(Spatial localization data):
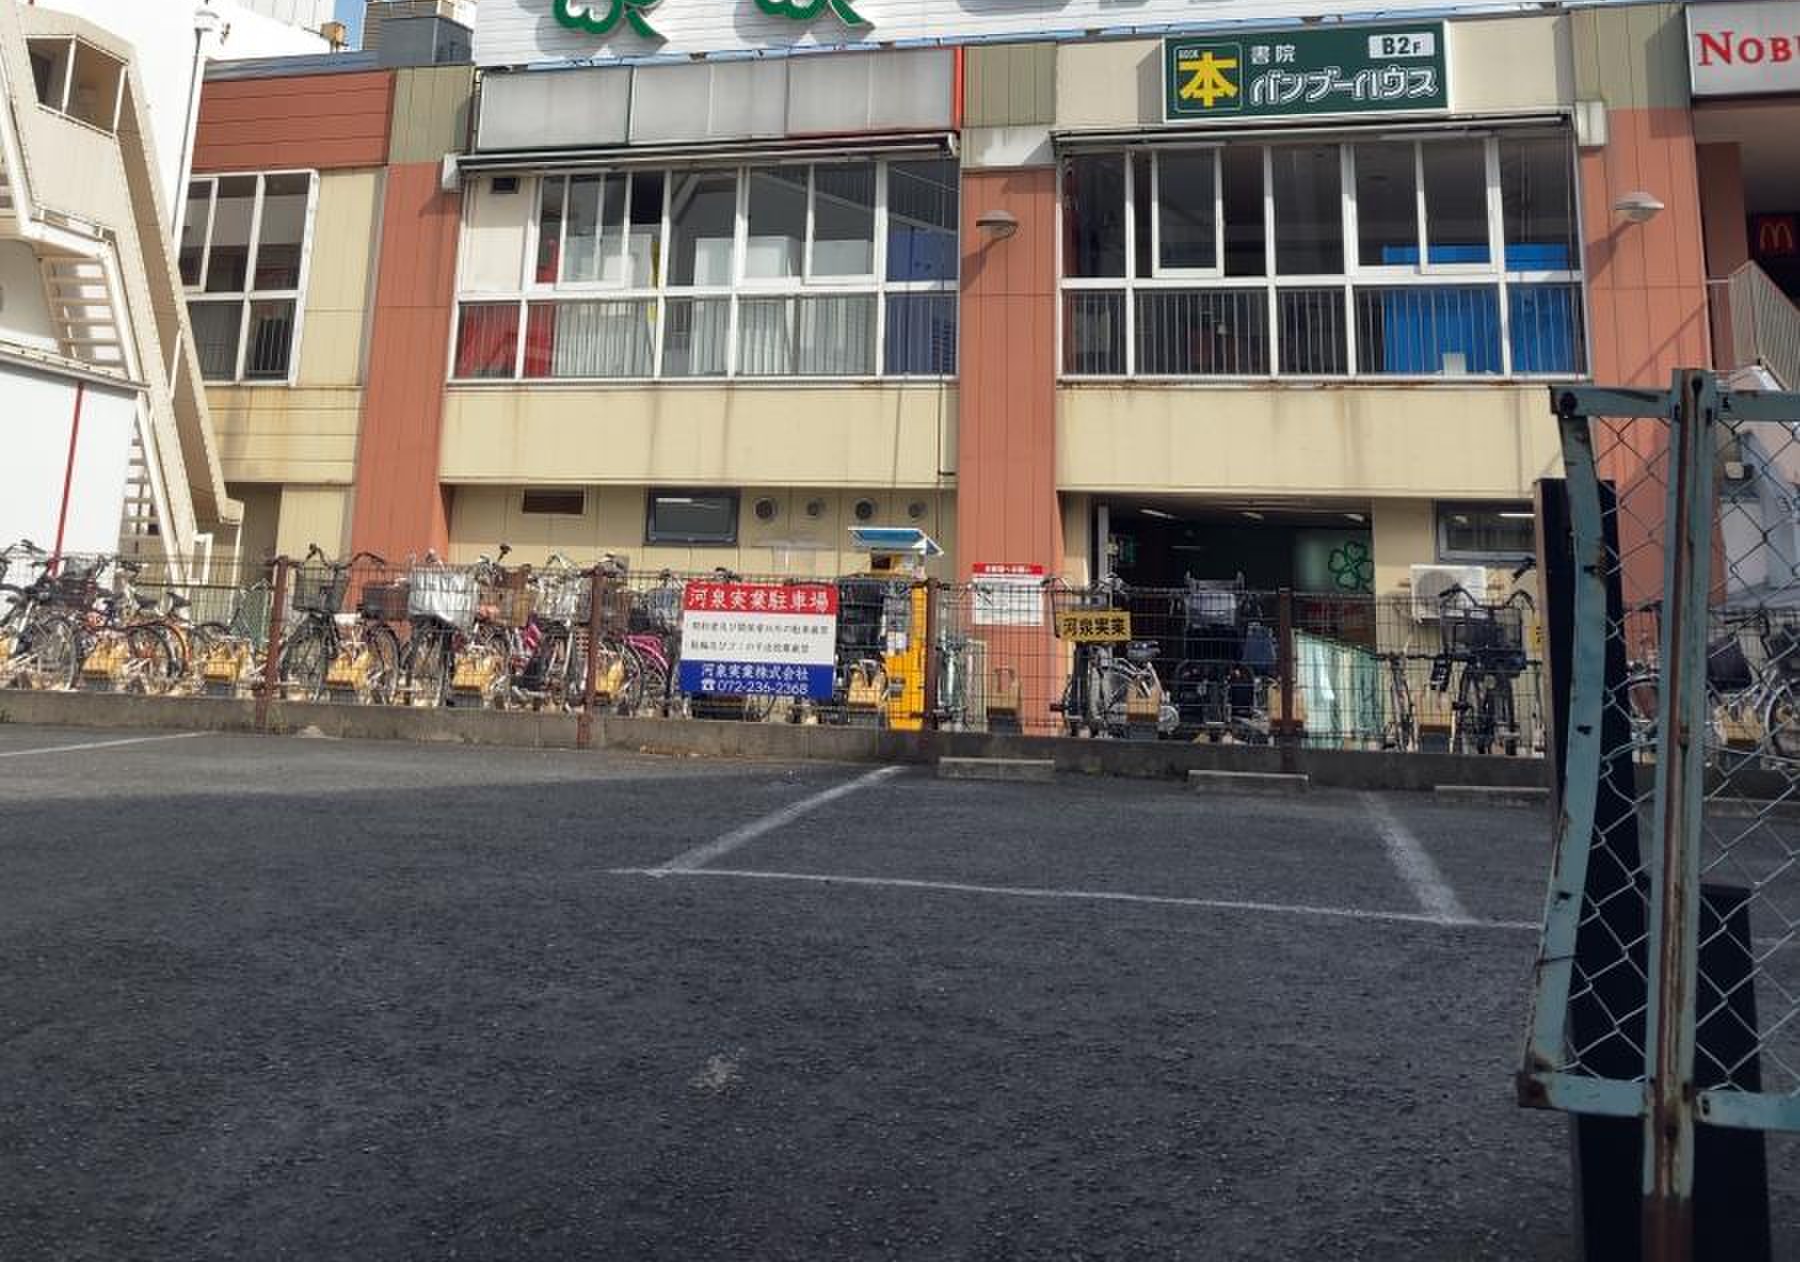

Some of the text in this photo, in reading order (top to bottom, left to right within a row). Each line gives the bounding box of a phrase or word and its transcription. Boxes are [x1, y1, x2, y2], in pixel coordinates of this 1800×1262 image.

[1251, 45, 1296, 65] 書院
[1382, 37, 1421, 55] B2F
[1696, 31, 1800, 66] NOB
[1178, 51, 1239, 108] 本
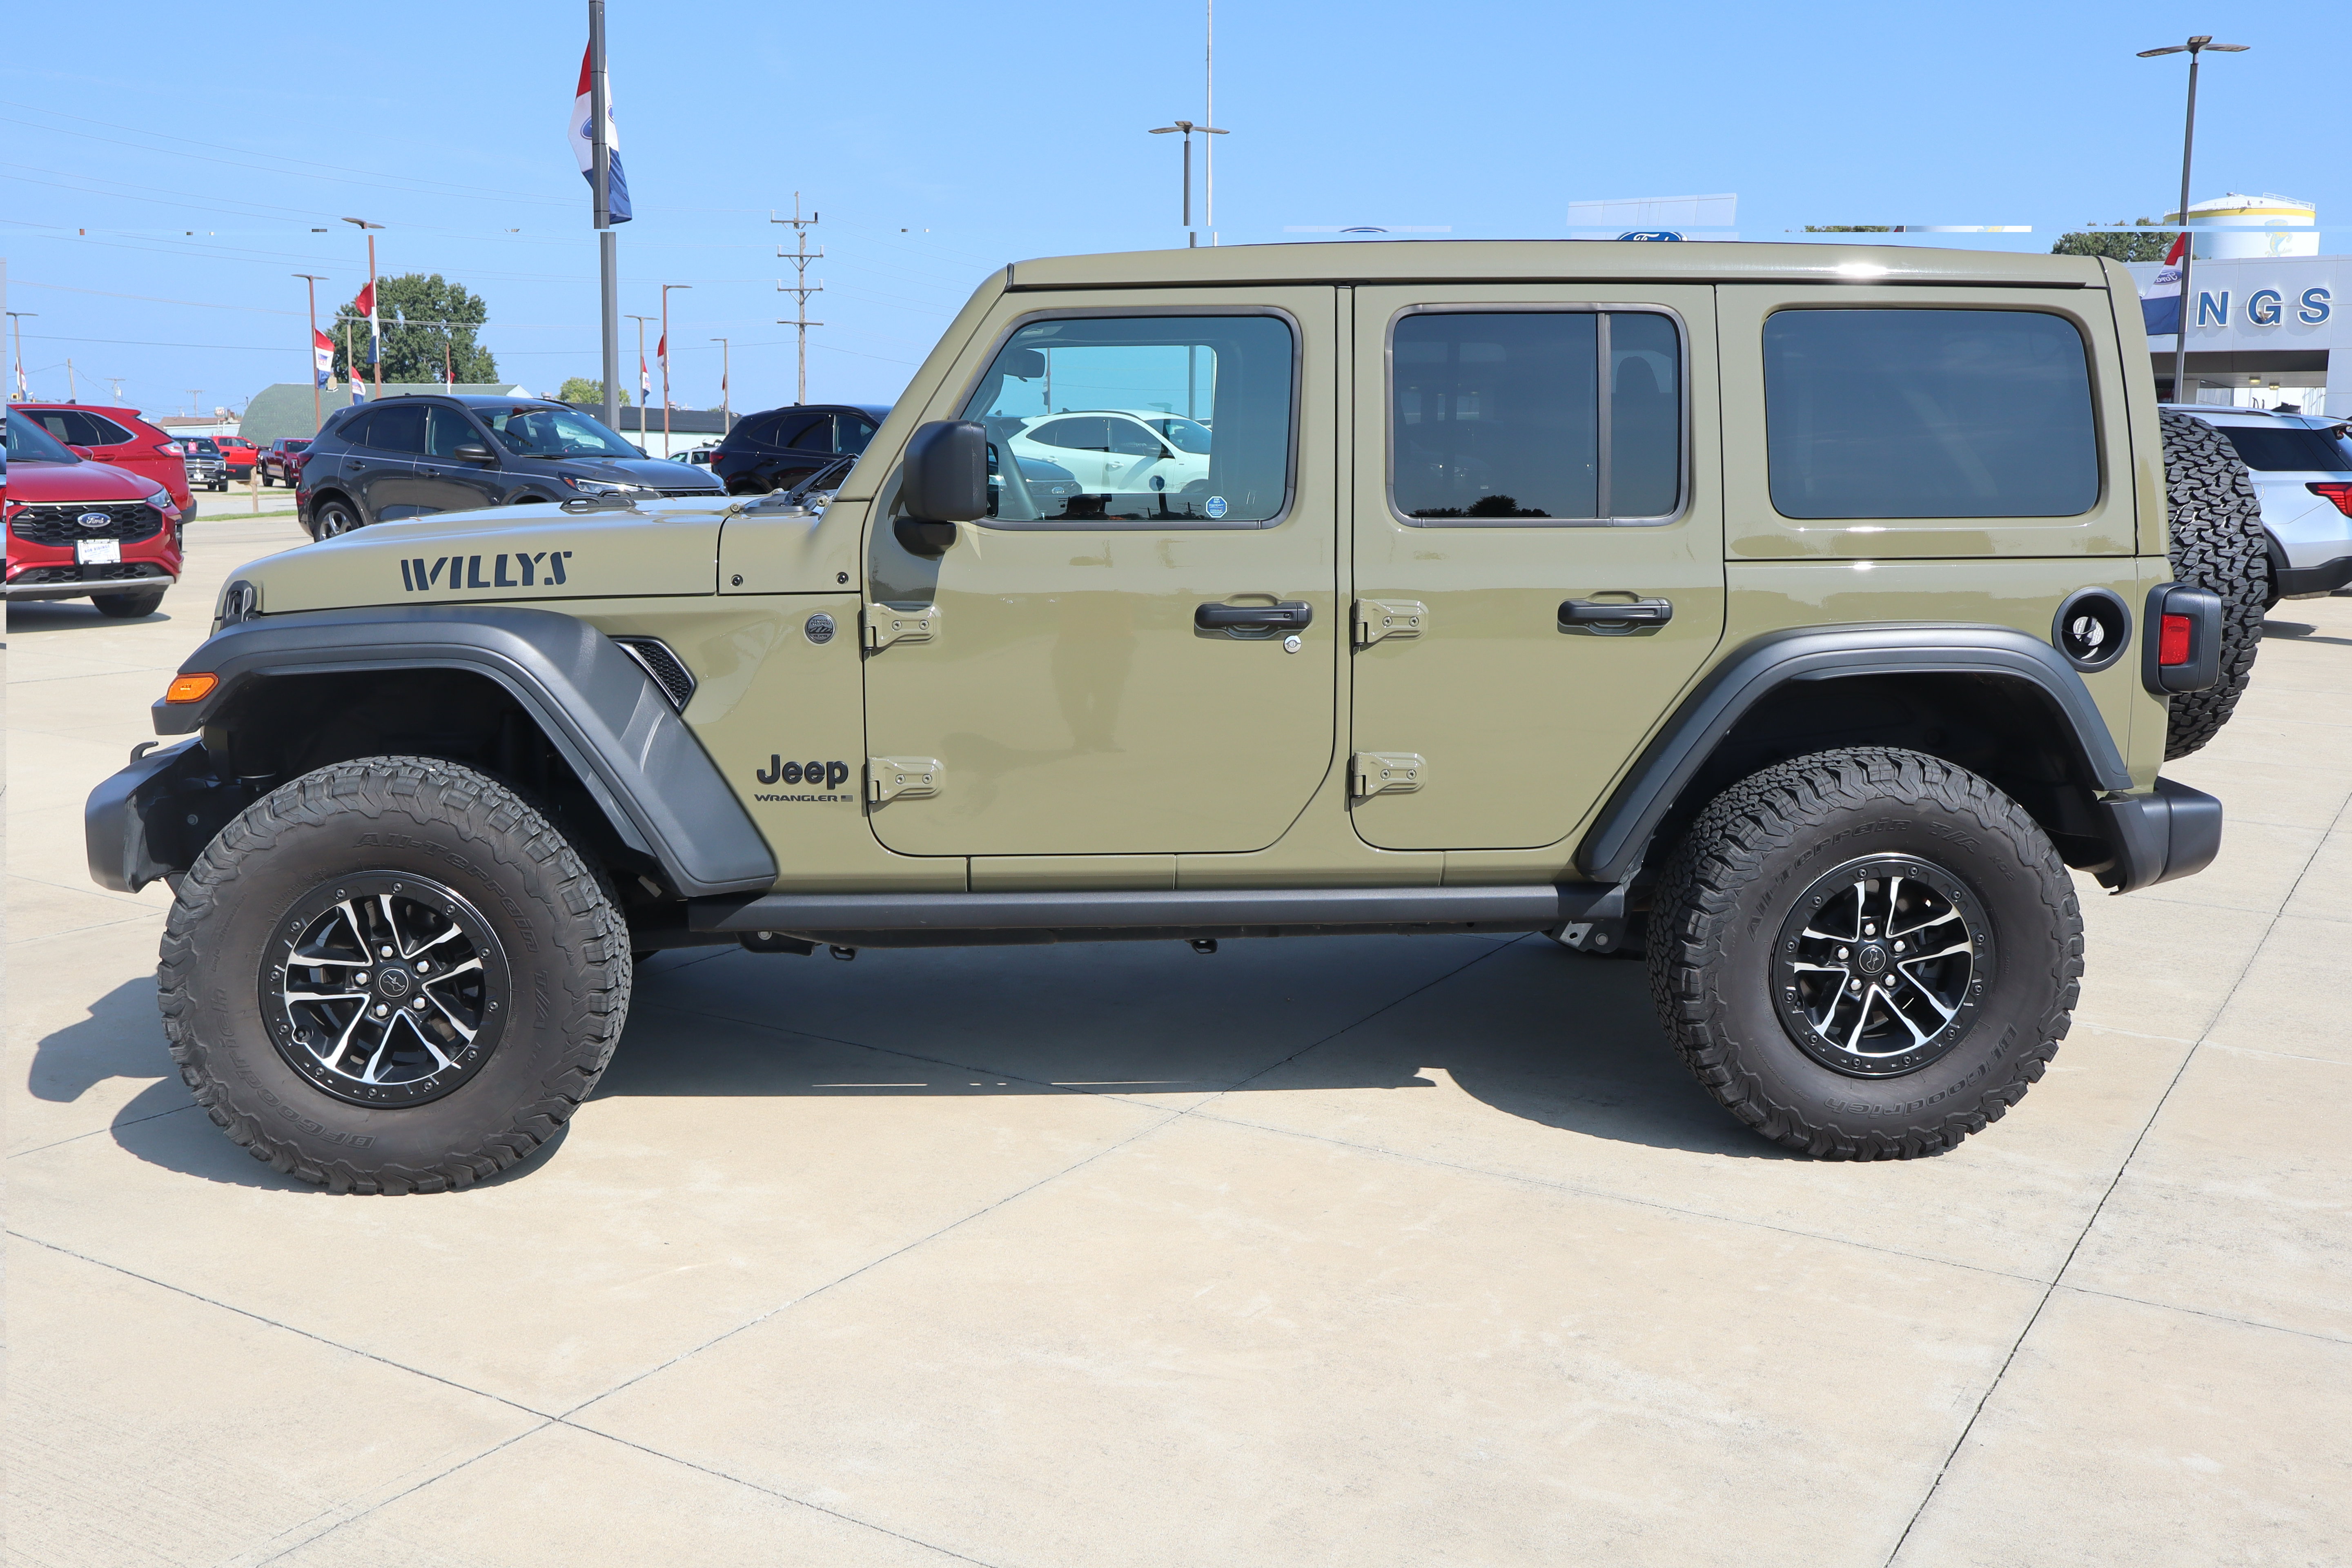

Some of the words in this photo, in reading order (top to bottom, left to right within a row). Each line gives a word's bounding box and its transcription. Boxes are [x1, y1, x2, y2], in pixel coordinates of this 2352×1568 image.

[2196, 287, 2332, 327] NGS
[86, 516, 105, 524] Ford
[401, 551, 572, 591] WILLYS
[757, 754, 849, 790] Jeep

(PROBLEM DESCRIPTION):
Repeat every record exactly, but not the pictures.

(RESULT):
Some of the text in this photo, in reading order (top to bottom, left to right within a row). Each line gives the bounding box of a phrase or word and its transcription. Boxes are [x1, y1, x2, y2], in pixel coordinates of this 1800×1262 image.

[1251, 45, 1296, 65] 書院
[1382, 37, 1421, 55] B2F
[1696, 31, 1800, 66] NOB
[1178, 51, 1239, 108] 本

Some of the words in this photo, in reading order (top to bottom, left to right within a row). Each line gives a word's bounding box and its transcription. Boxes are [x1, y1, x2, y2], in pixel coordinates of this 2352×1568 image.

[2196, 287, 2332, 327] NGS
[86, 516, 105, 524] Ford
[401, 551, 572, 591] WILLYS
[757, 754, 849, 790] Jeep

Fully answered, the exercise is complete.